LISTED RECORDS START

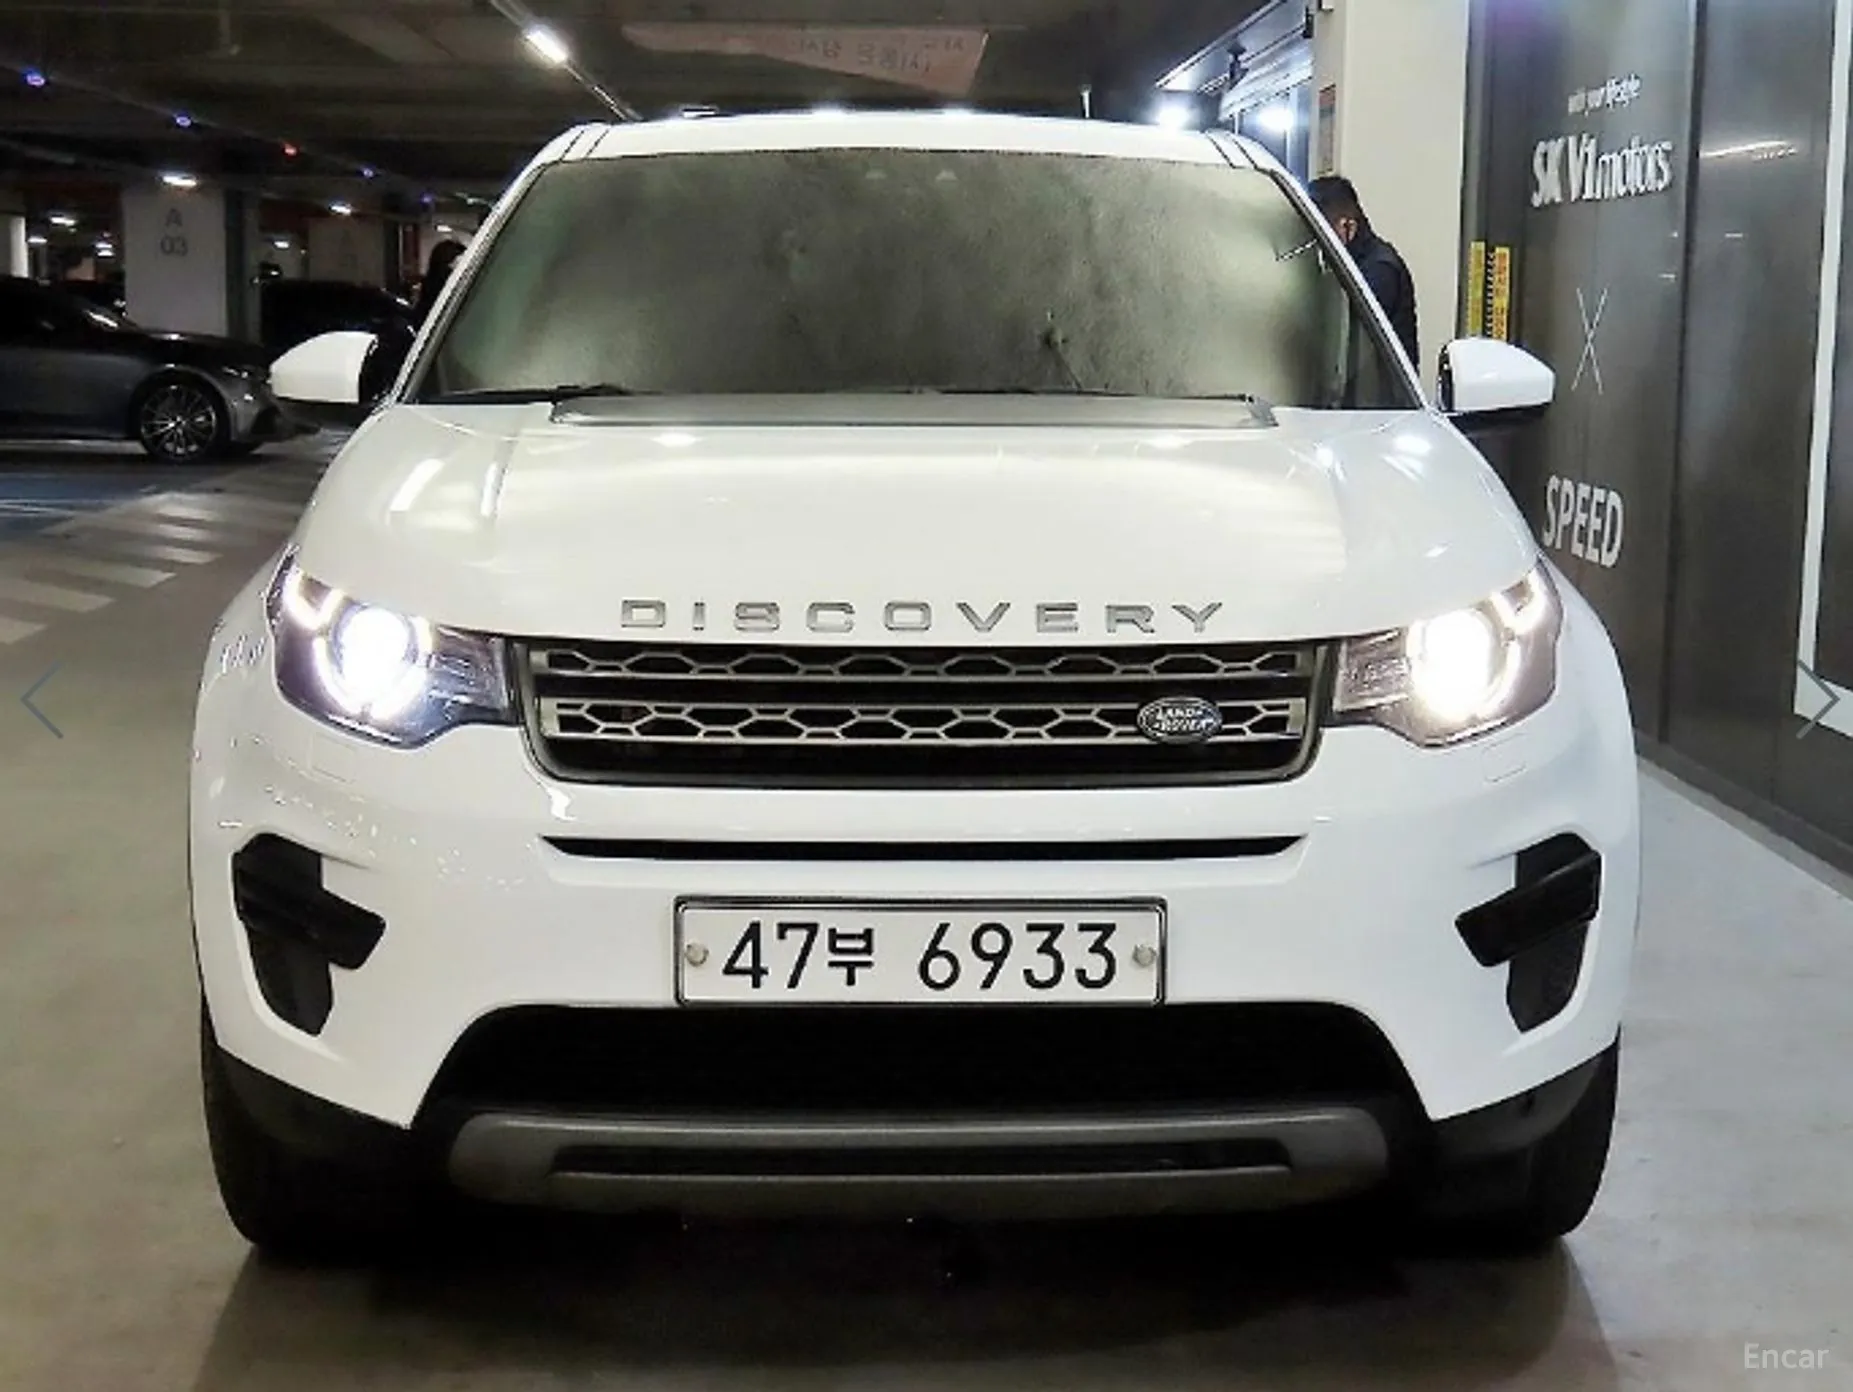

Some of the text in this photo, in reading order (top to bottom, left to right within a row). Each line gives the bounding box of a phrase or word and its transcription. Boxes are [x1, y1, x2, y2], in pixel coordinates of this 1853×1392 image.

[1531, 139, 1565, 208] SK
[164, 207, 183, 228] A
[1543, 474, 1624, 568] SPEED
[620, 600, 1223, 634] DISCOVERY
[721, 919, 1118, 991] 47부 6933
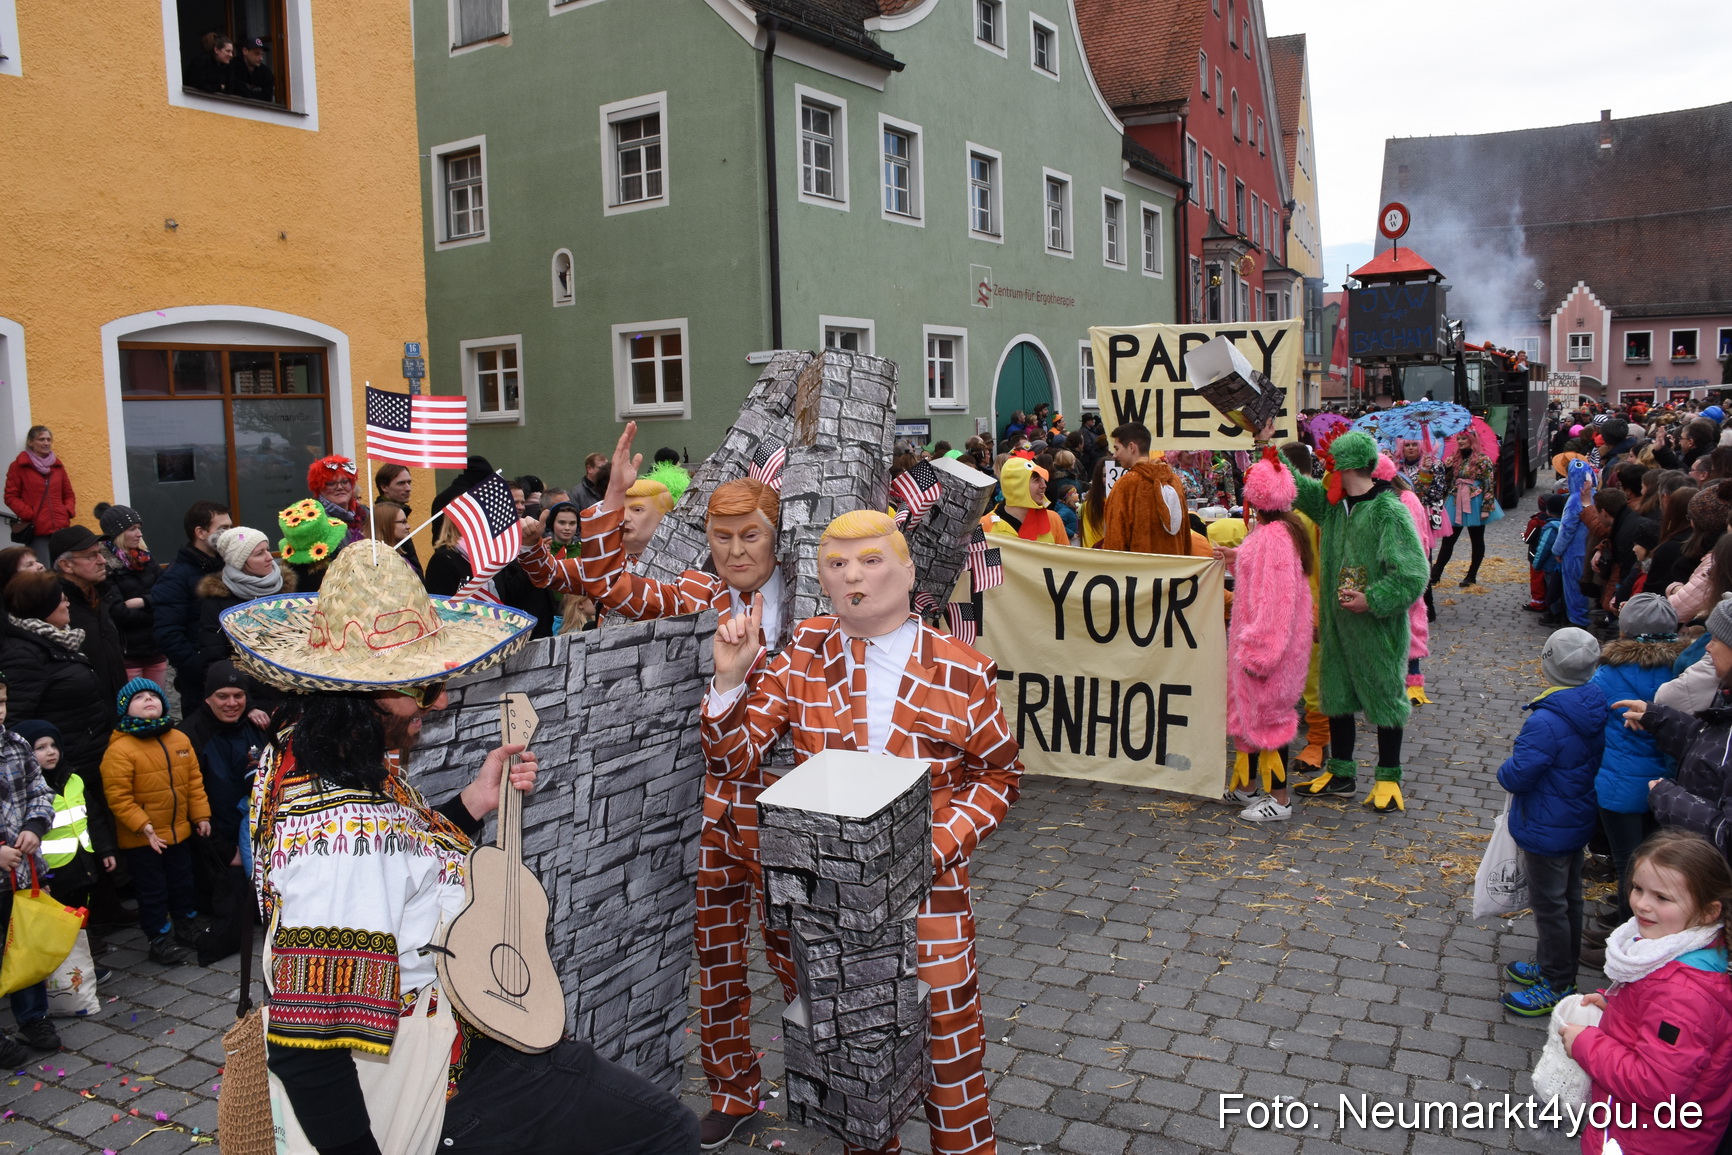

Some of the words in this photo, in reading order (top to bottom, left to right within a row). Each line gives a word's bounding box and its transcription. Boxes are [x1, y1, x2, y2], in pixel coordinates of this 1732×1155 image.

LISTED RECORDS END

The data above must be given again in full and unaltered, minus its images.

### SOLUTION FOR THIS PROBLEM
Some of the text in this photo, in reading order (top to bottom, left to right within a row). Each line gives the bounding box of a phrase or word and its transcription. Boxes are [x1, y1, x2, y2], in pixel coordinates of this 1853×1392 image.

[1531, 139, 1565, 208] SK
[164, 207, 183, 228] A
[1543, 474, 1624, 568] SPEED
[620, 600, 1223, 634] DISCOVERY
[721, 919, 1118, 991] 47부 6933

Some of the words in this photo, in reading order (top to bottom, left to right within a row). Each line gives a word's bounding box and its transcription. Boxes are [x1, y1, x2, y2], in pixel coordinates of this 1732×1155 image.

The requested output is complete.